**TASK GOAL**
Omit every image, and transcribe the remaining entries exactly as given.

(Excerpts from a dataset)
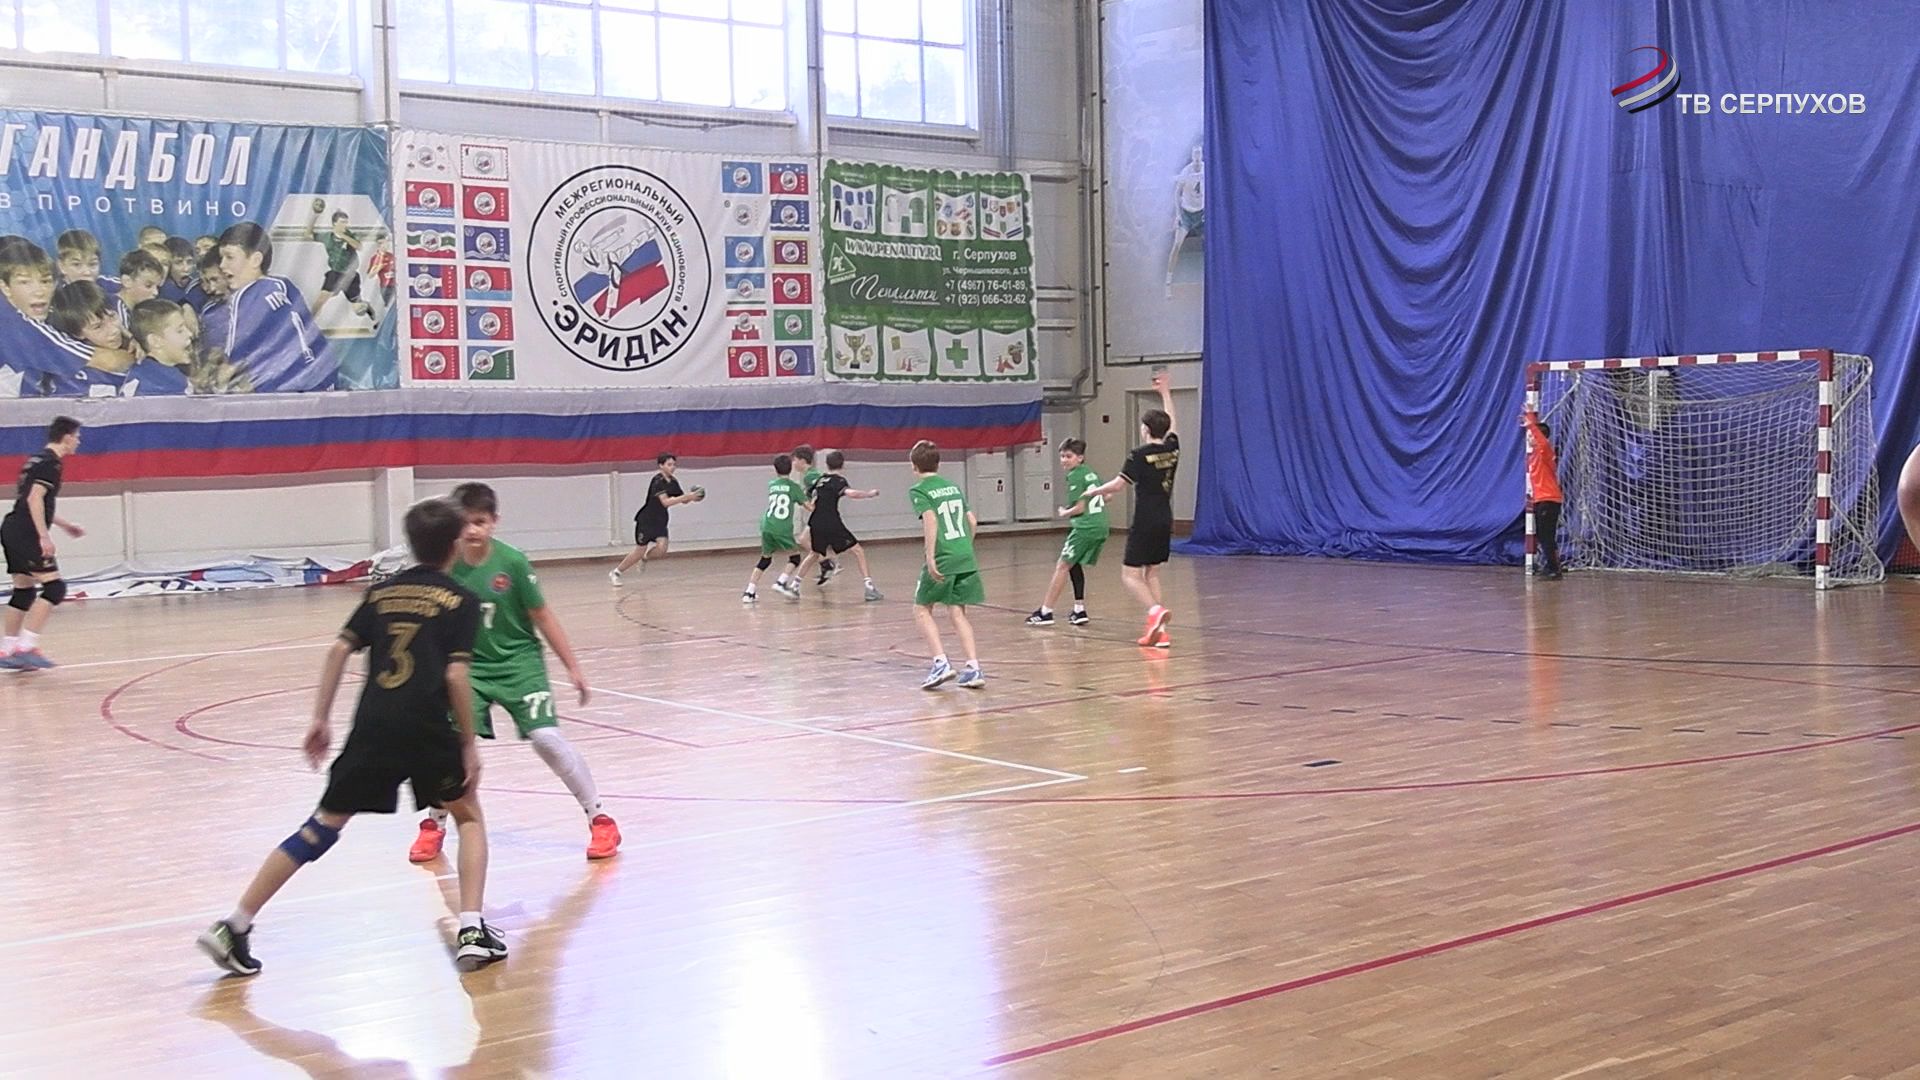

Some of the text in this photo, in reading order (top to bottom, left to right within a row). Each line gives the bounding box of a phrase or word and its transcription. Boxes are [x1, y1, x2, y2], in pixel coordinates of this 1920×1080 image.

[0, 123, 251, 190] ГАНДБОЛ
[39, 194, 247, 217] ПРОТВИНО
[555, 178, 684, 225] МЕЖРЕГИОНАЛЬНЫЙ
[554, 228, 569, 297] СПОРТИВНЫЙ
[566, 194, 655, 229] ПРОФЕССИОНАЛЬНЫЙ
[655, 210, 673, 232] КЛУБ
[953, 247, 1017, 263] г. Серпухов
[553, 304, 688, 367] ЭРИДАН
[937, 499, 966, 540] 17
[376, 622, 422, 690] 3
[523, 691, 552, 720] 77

**OUTPUT**
Some of the text in this photo, in reading order (top to bottom, left to right within a row). Each line gives the bounding box of a phrase or word and its transcription. Boxes are [x1, y1, x2, y2], in pixel coordinates of this 1920×1080 image.

[0, 123, 251, 190] ГАНДБОЛ
[39, 194, 247, 217] ПРОТВИНО
[555, 178, 684, 225] МЕЖРЕГИОНАЛЬНЫЙ
[554, 228, 569, 297] СПОРТИВНЫЙ
[566, 194, 655, 229] ПРОФЕССИОНАЛЬНЫЙ
[655, 210, 673, 232] КЛУБ
[953, 247, 1017, 263] г. Серпухов
[553, 304, 688, 367] ЭРИДАН
[937, 499, 966, 540] 17
[376, 622, 422, 690] 3
[523, 691, 552, 720] 77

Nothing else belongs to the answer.